• [WHAT TO WORK ON]:
The answer should be every line below, repeated exactly, with the images left out.

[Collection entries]
○ ○ ○

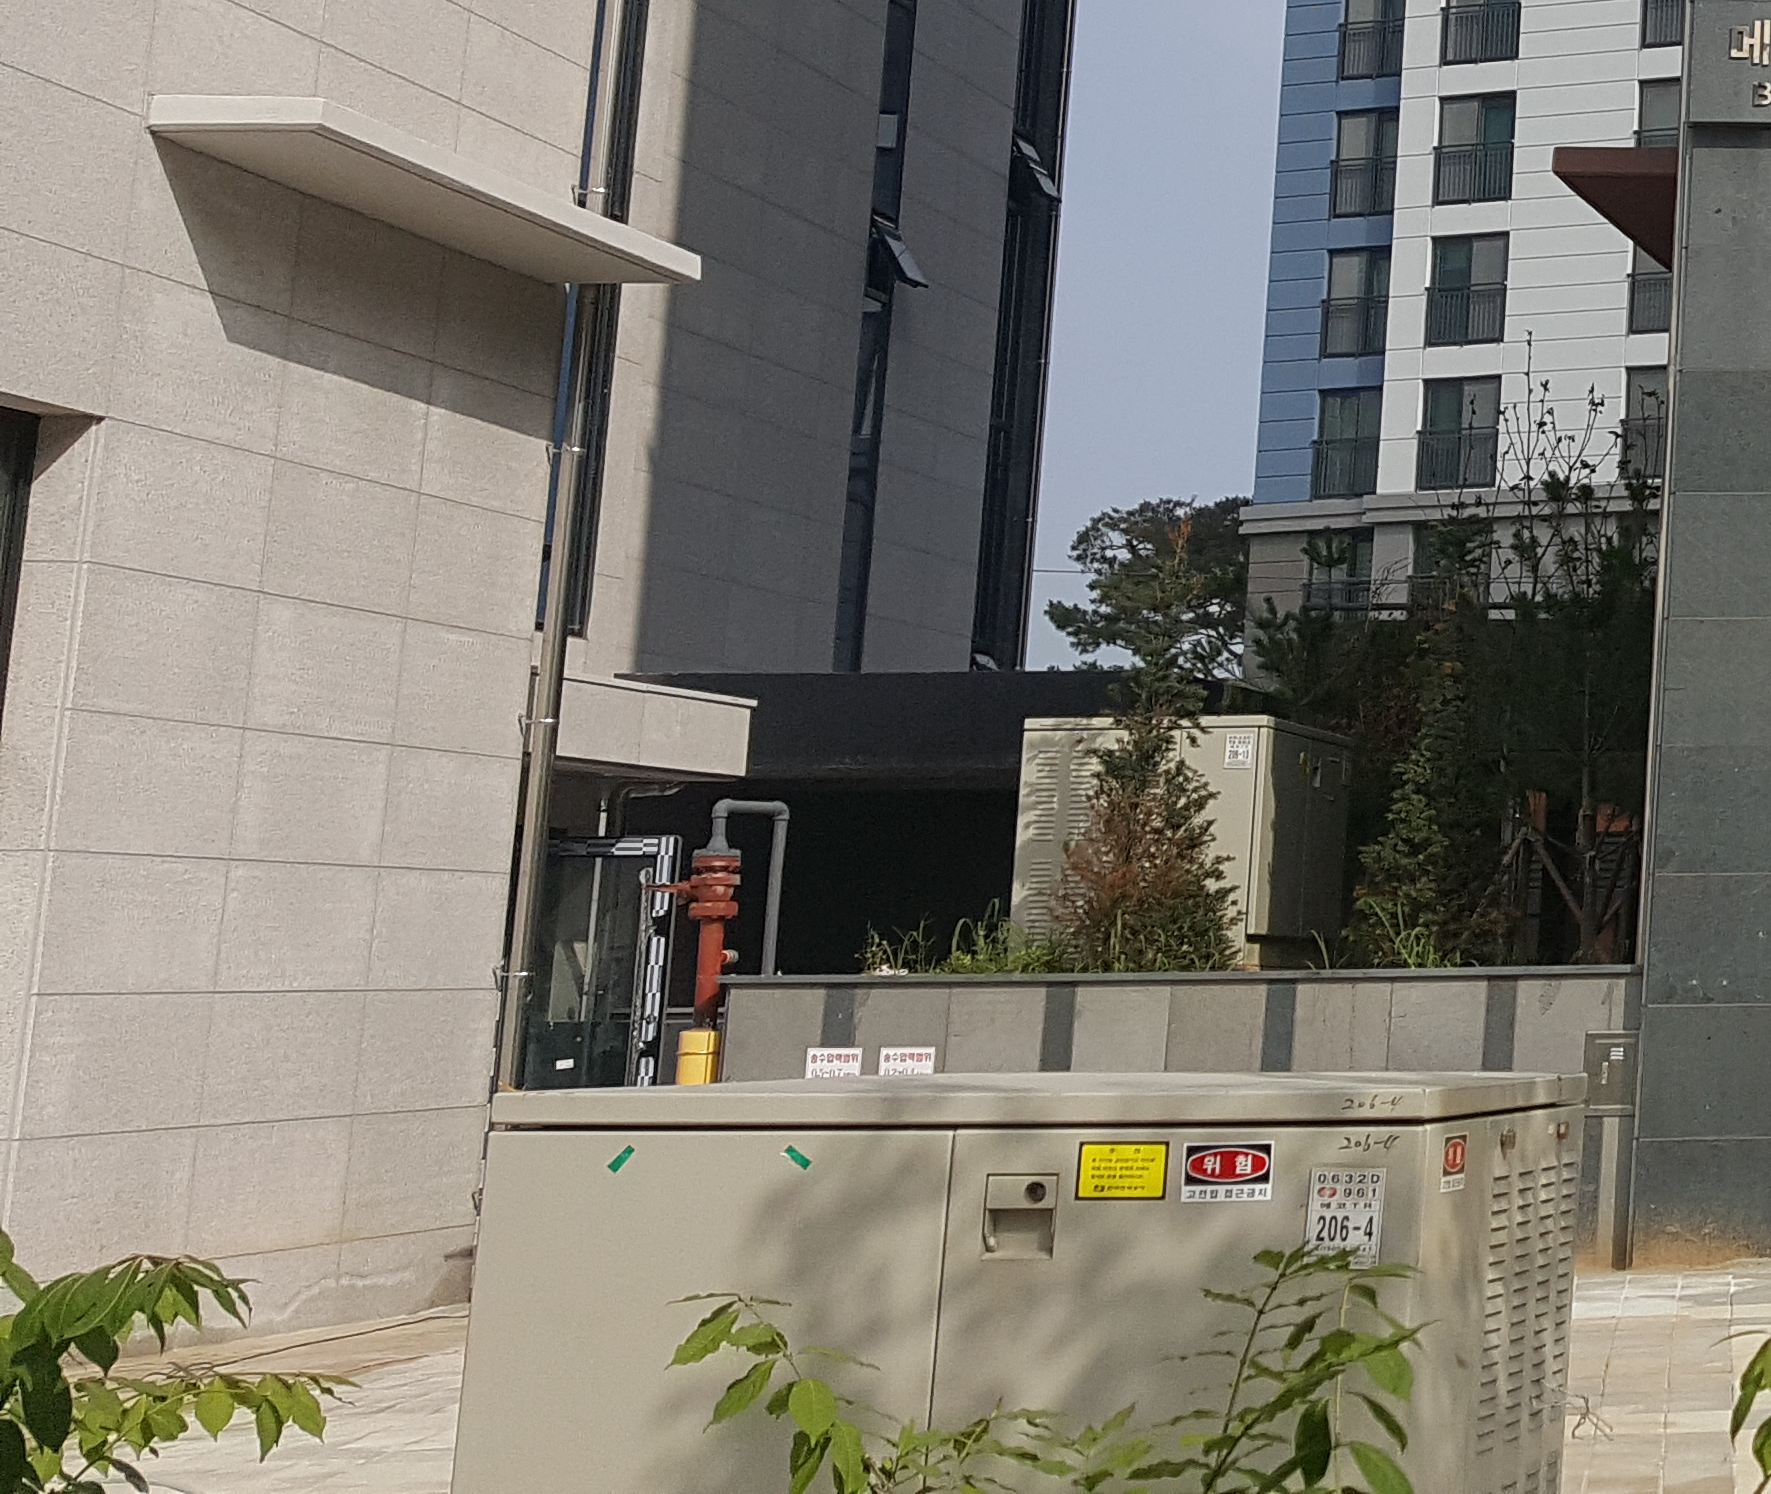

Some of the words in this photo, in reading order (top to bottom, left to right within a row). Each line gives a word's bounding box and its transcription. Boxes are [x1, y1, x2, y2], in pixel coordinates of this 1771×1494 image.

[1203, 1154, 1252, 1175] 위험
[1187, 1189, 1218, 1199] 고전압
[1224, 1188, 1267, 1199] 접근금지
[1316, 1215, 1374, 1242] 206-4
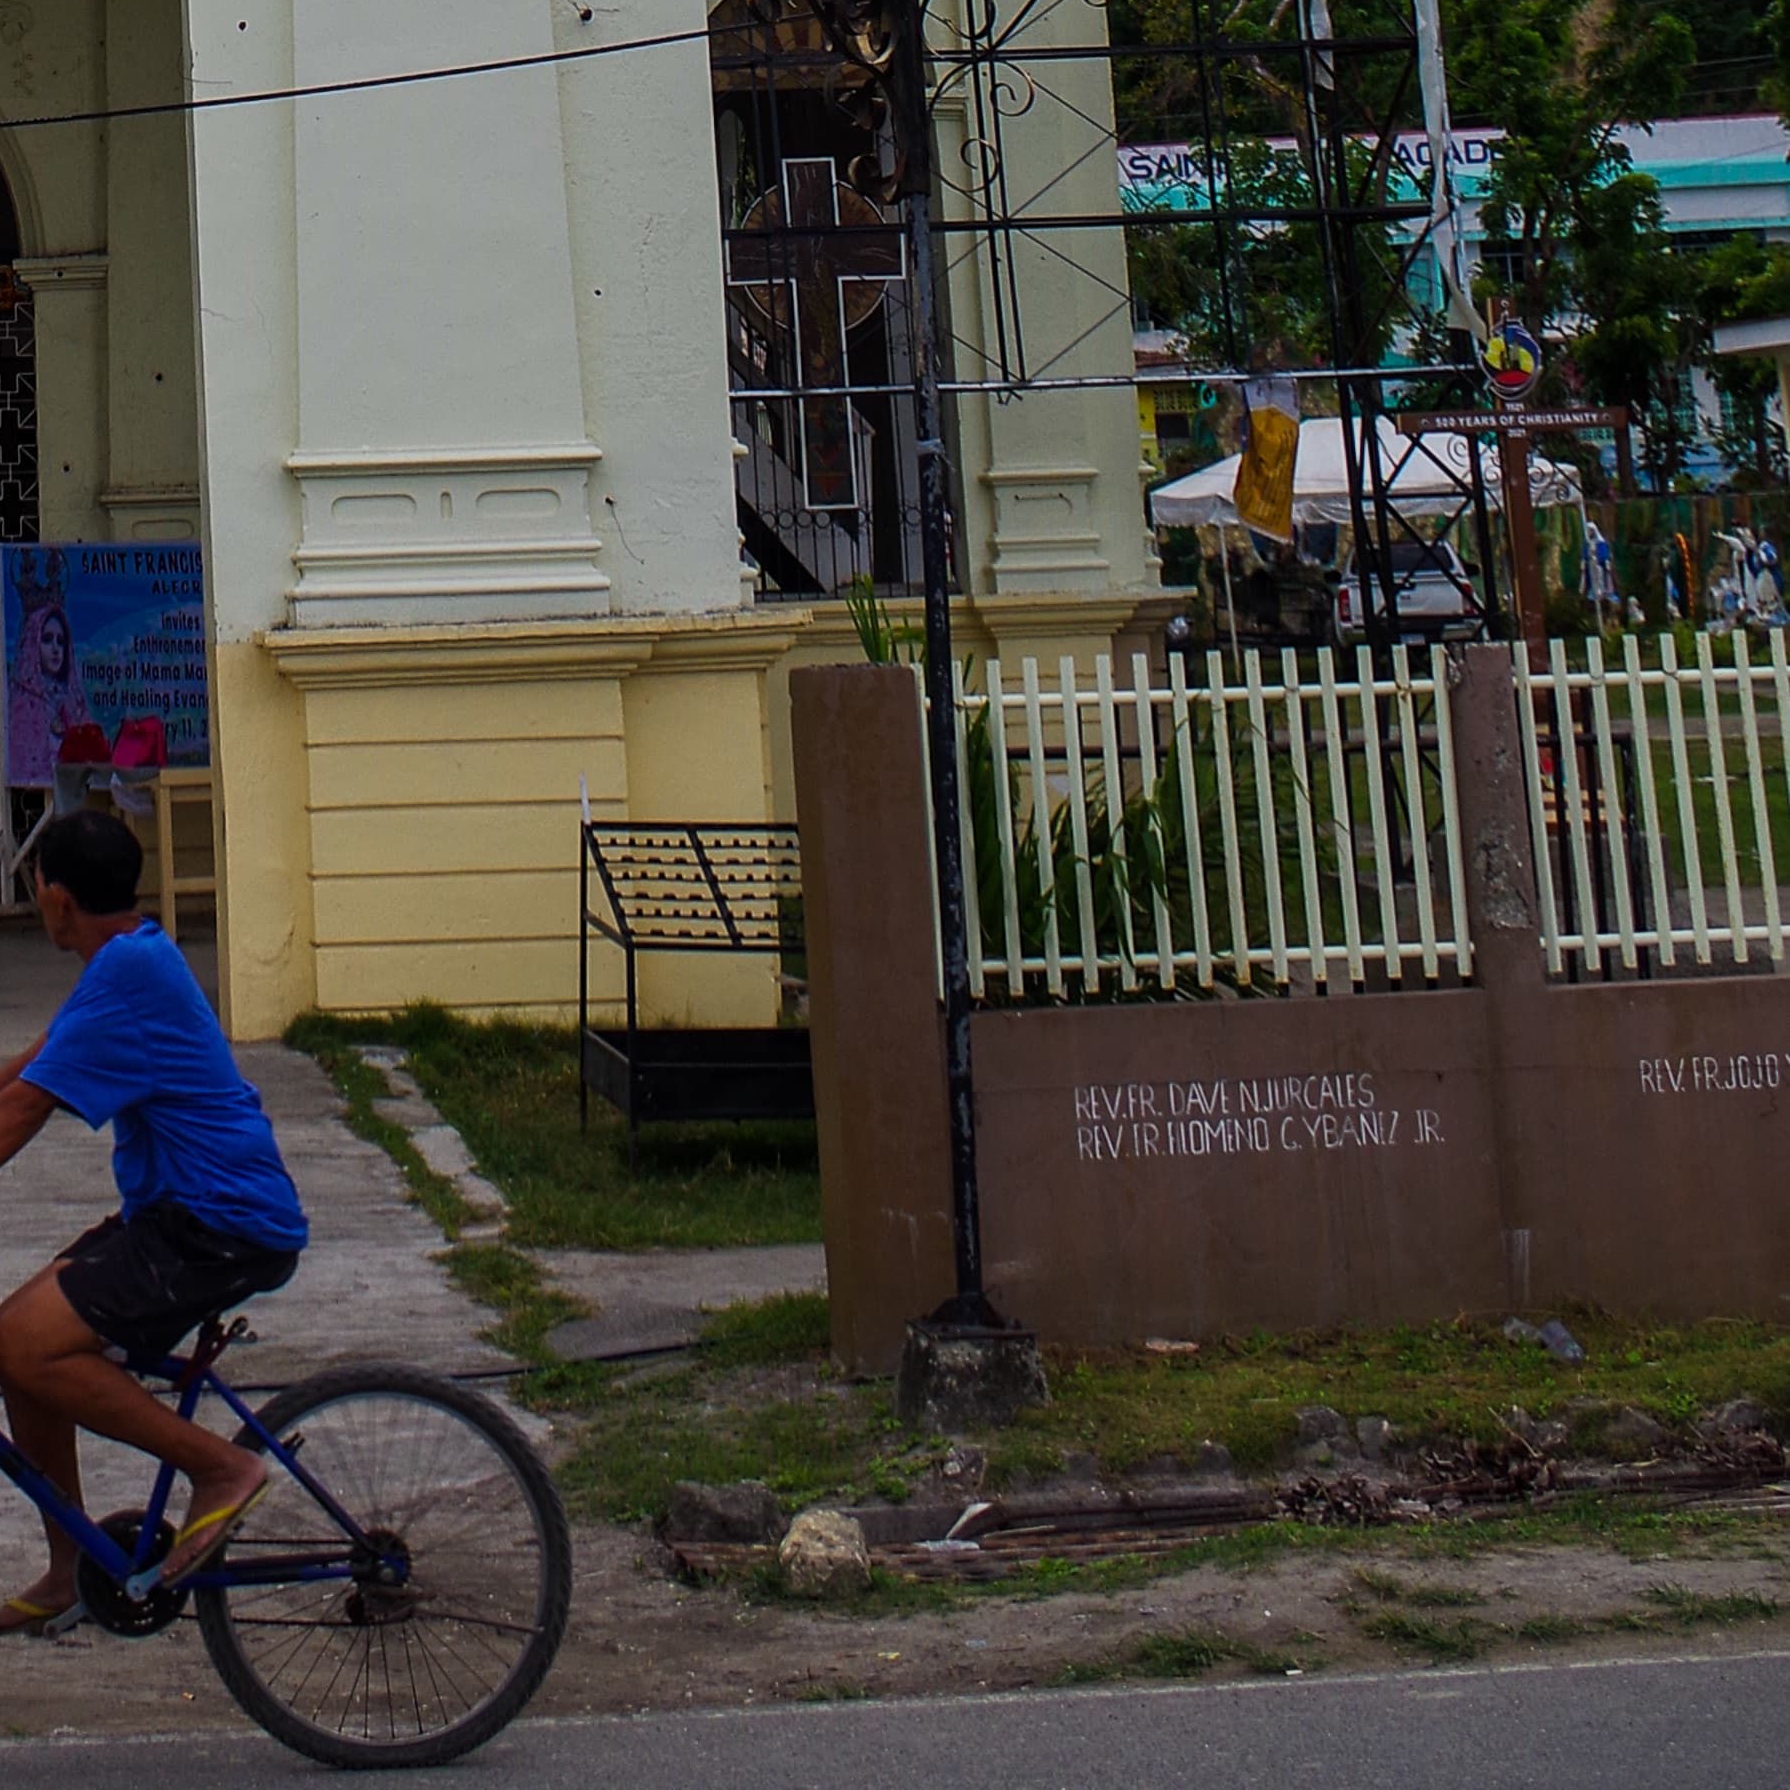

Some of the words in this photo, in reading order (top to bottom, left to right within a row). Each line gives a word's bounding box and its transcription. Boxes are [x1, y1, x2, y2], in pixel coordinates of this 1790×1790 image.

[1435, 416, 1456, 427] 500
[1458, 415, 1497, 427] YEARS
[1499, 414, 1514, 426] OF
[1518, 412, 1598, 426] CHRISTIANITY
[81, 551, 126, 574] SAINT
[81, 661, 121, 685] Image
[125, 661, 137, 679] of
[141, 662, 180, 680] Mama
[93, 688, 117, 707] and
[121, 689, 170, 714] Healing
[174, 690, 209, 709] Evan
[1639, 1057, 1686, 1093] REV.
[1169, 1079, 1229, 1116] DAVE
[1414, 1108, 1446, 1144] JR.

○ ○ ○

• [SOLUTION]:
Some of the words in this photo, in reading order (top to bottom, left to right within a row). Each line gives a word's bounding box and its transcription. Boxes are [x1, y1, x2, y2], in pixel coordinates of this 1771×1494 image.

[1203, 1154, 1252, 1175] 위험
[1187, 1189, 1218, 1199] 고전압
[1224, 1188, 1267, 1199] 접근금지
[1316, 1215, 1374, 1242] 206-4

Some of the words in this photo, in reading order (top to bottom, left to right within a row). Each line gives a word's bounding box and its transcription. Boxes are [x1, y1, x2, y2], in pixel coordinates of this 1790×1790 image.

[1435, 416, 1456, 427] 500
[1458, 415, 1497, 427] YEARS
[1499, 414, 1514, 426] OF
[1518, 412, 1598, 426] CHRISTIANITY
[81, 551, 126, 574] SAINT
[81, 661, 121, 685] Image
[125, 661, 137, 679] of
[141, 662, 180, 680] Mama
[93, 688, 117, 707] and
[121, 689, 170, 714] Healing
[174, 690, 209, 709] Evan
[1639, 1057, 1686, 1093] REV.
[1169, 1079, 1229, 1116] DAVE
[1414, 1108, 1446, 1144] JR.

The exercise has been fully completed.